Content starts

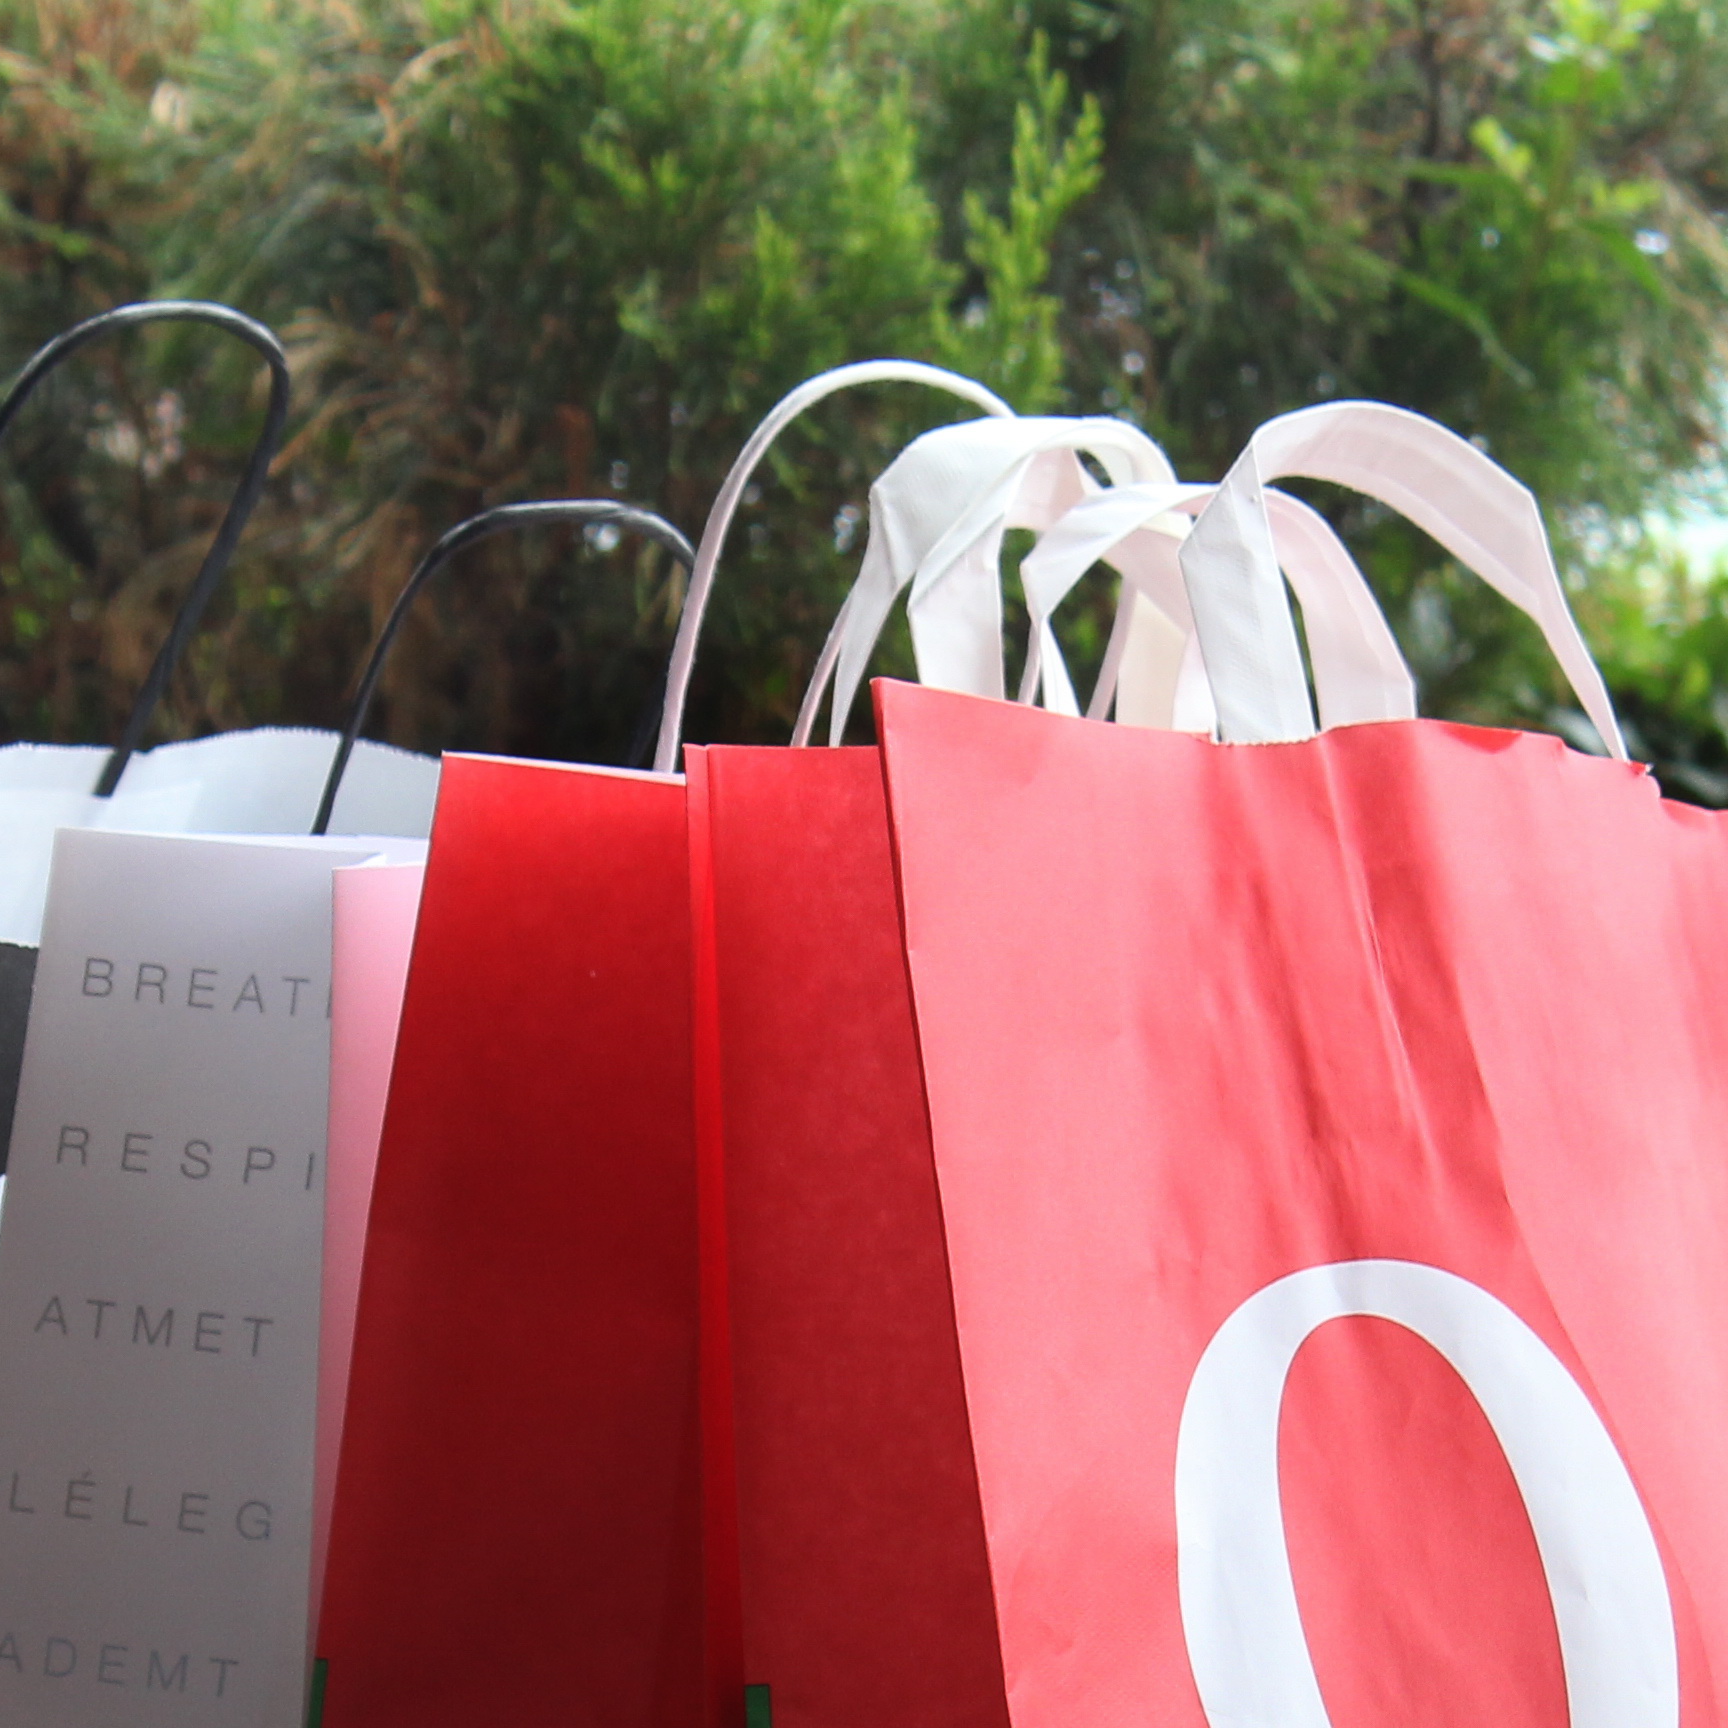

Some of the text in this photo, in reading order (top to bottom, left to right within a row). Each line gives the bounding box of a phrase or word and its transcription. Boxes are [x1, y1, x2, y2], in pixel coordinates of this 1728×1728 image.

[81, 956, 332, 1019] BREAT
[55, 1124, 316, 1191] RESPI
[34, 1295, 276, 1358] ATMET
[8, 1470, 274, 1541] LÉLEG
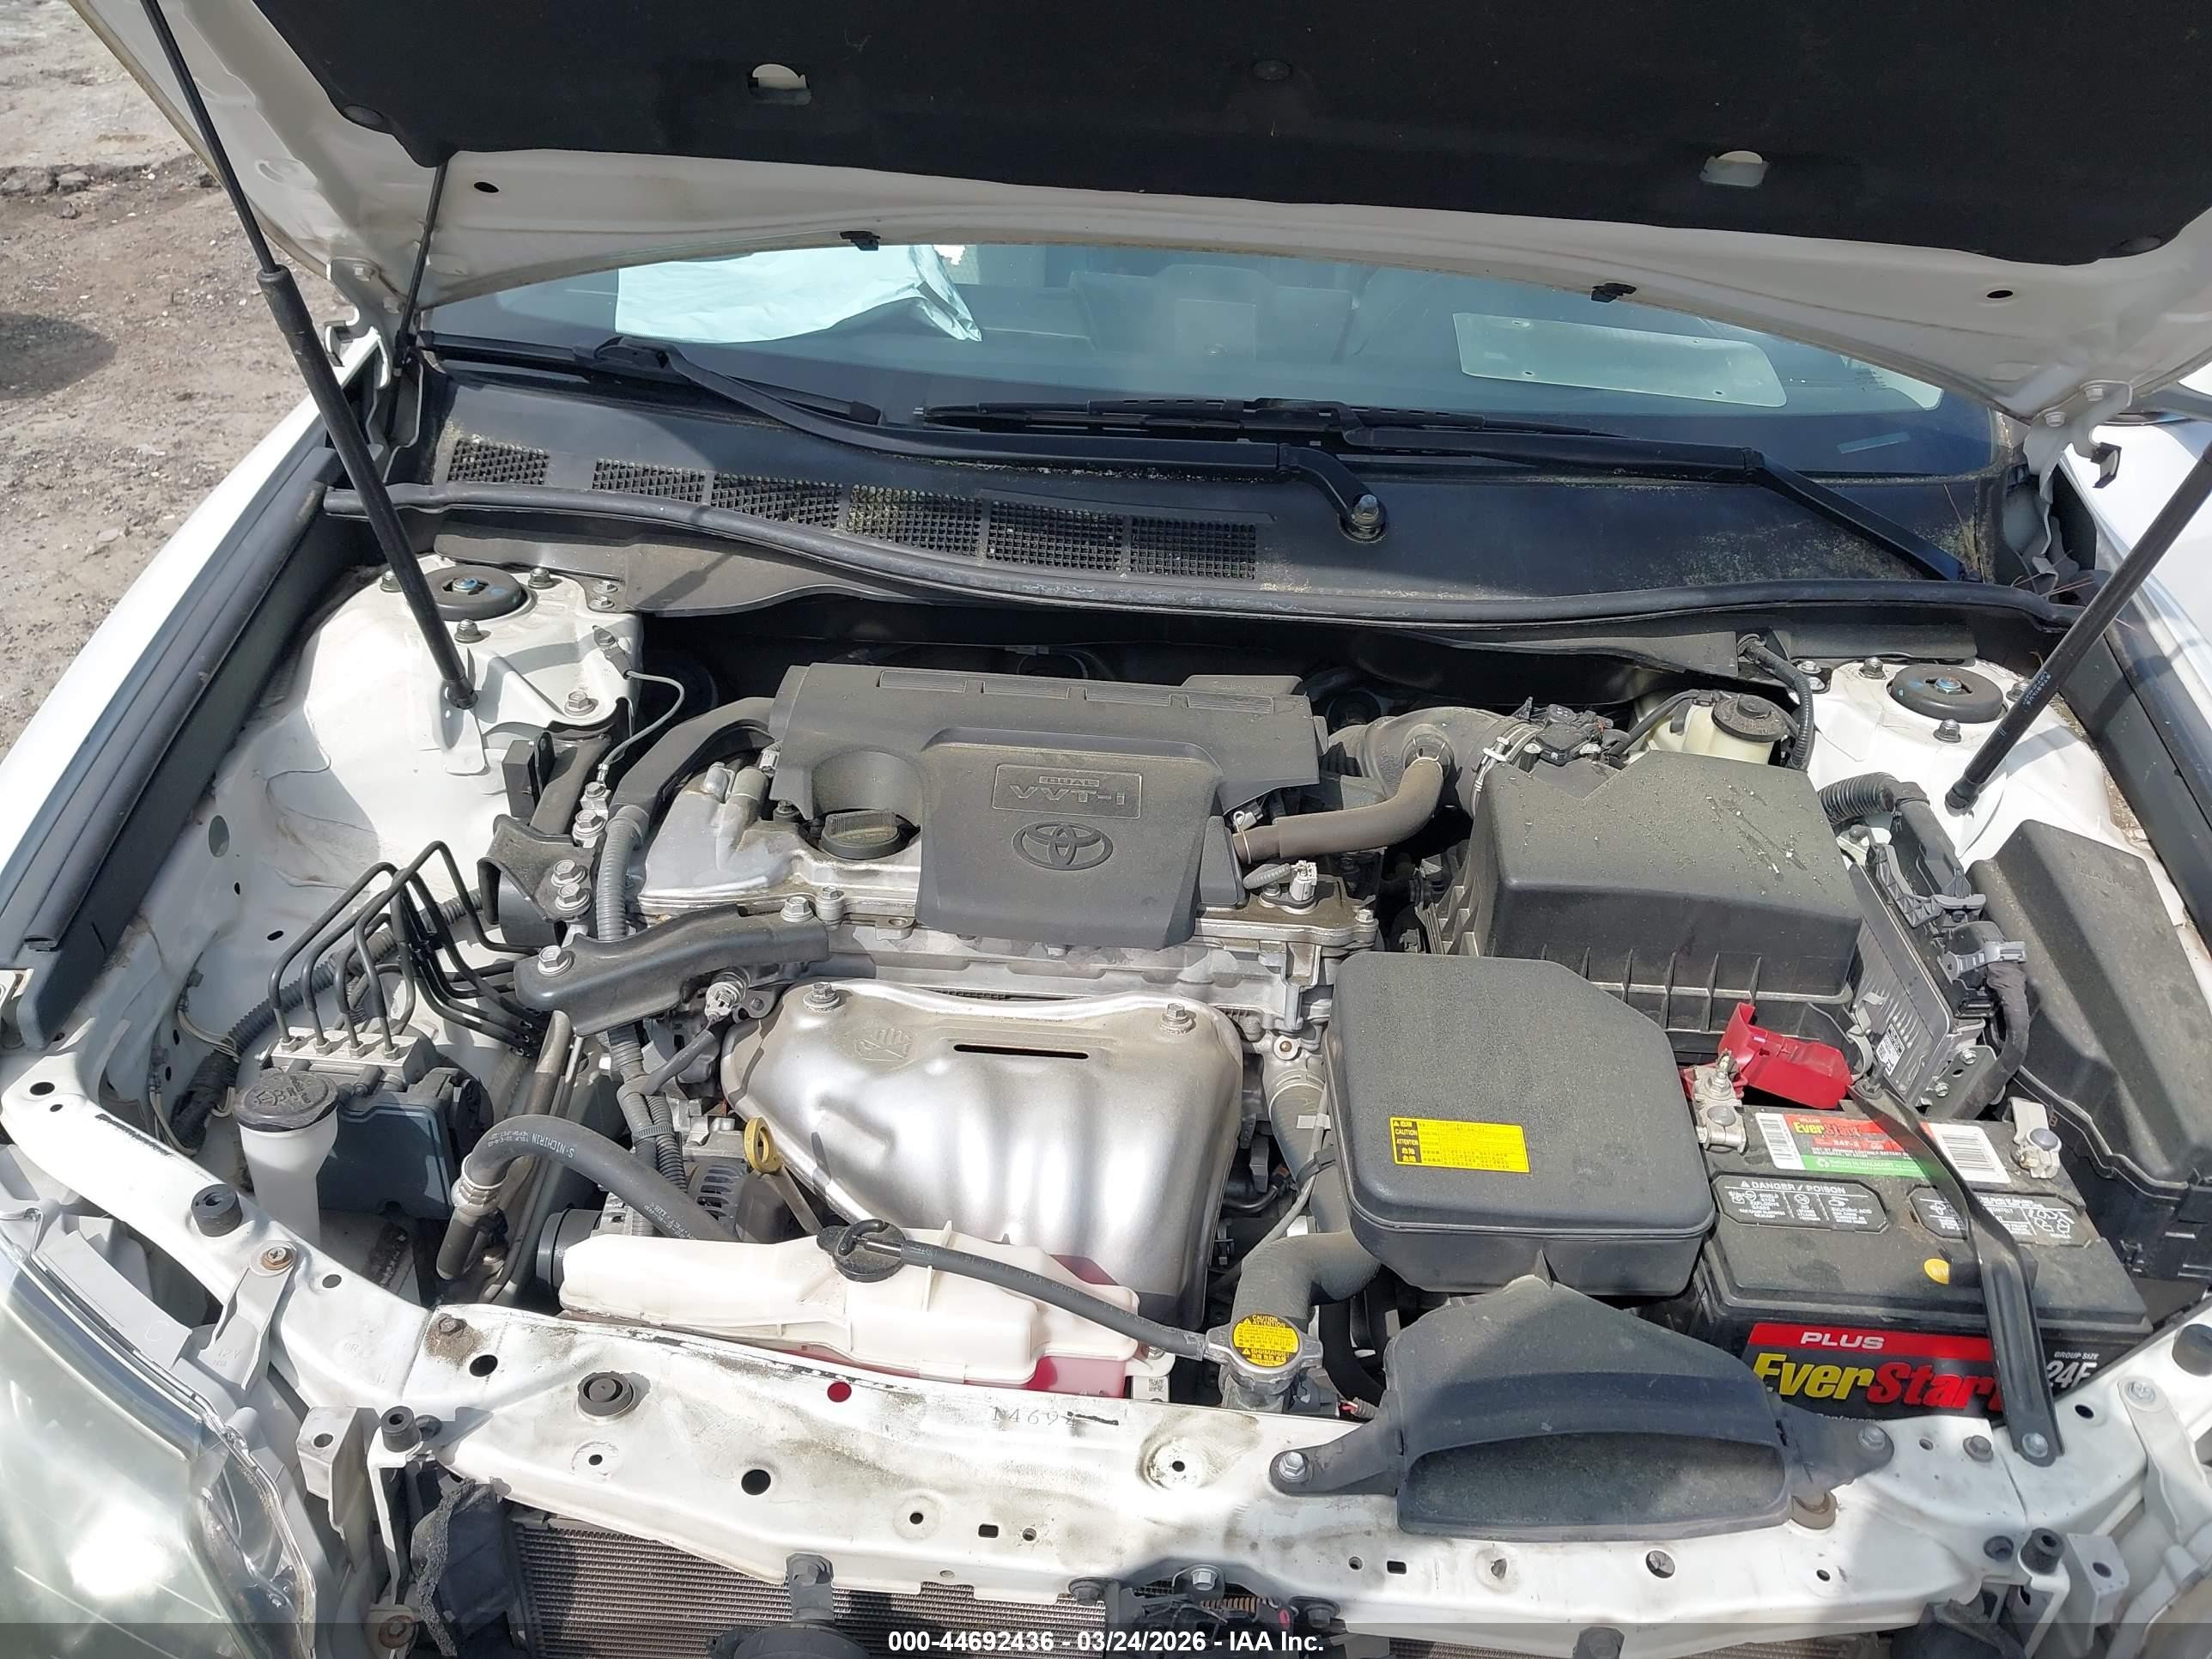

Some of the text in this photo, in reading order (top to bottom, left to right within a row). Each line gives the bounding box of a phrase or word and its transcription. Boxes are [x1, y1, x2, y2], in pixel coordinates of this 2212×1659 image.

[1751, 1181, 1796, 1192] DANGER
[1806, 1185, 1846, 1194] POISON
[1252, 1320, 1286, 1328] ATTENTION
[1800, 1331, 1886, 1350] PLUS
[2054, 1351, 2100, 1360] GROUP SIZE

Content ends

## [YOUR INSTRUCTIONS]
Output the data exactly. Pictures don't belong in the result.

## [ANSWER TO THE PROBLEM]
Some of the text in this photo, in reading order (top to bottom, left to right within a row). Each line gives the bounding box of a phrase or word and its transcription. Boxes are [x1, y1, x2, y2], in pixel coordinates of this 1728×1728 image.

[81, 956, 332, 1019] BREAT
[55, 1124, 316, 1191] RESPI
[34, 1295, 276, 1358] ATMET
[8, 1470, 274, 1541] LÉLEG

Some of the text in this photo, in reading order (top to bottom, left to right within a row). Each line gives the bounding box of a phrase or word and its transcription. Boxes are [x1, y1, x2, y2], in pixel coordinates of this 2212×1659 image.

[1751, 1181, 1796, 1192] DANGER
[1806, 1185, 1846, 1194] POISON
[1252, 1320, 1286, 1328] ATTENTION
[1800, 1331, 1886, 1350] PLUS
[2054, 1351, 2100, 1360] GROUP SIZE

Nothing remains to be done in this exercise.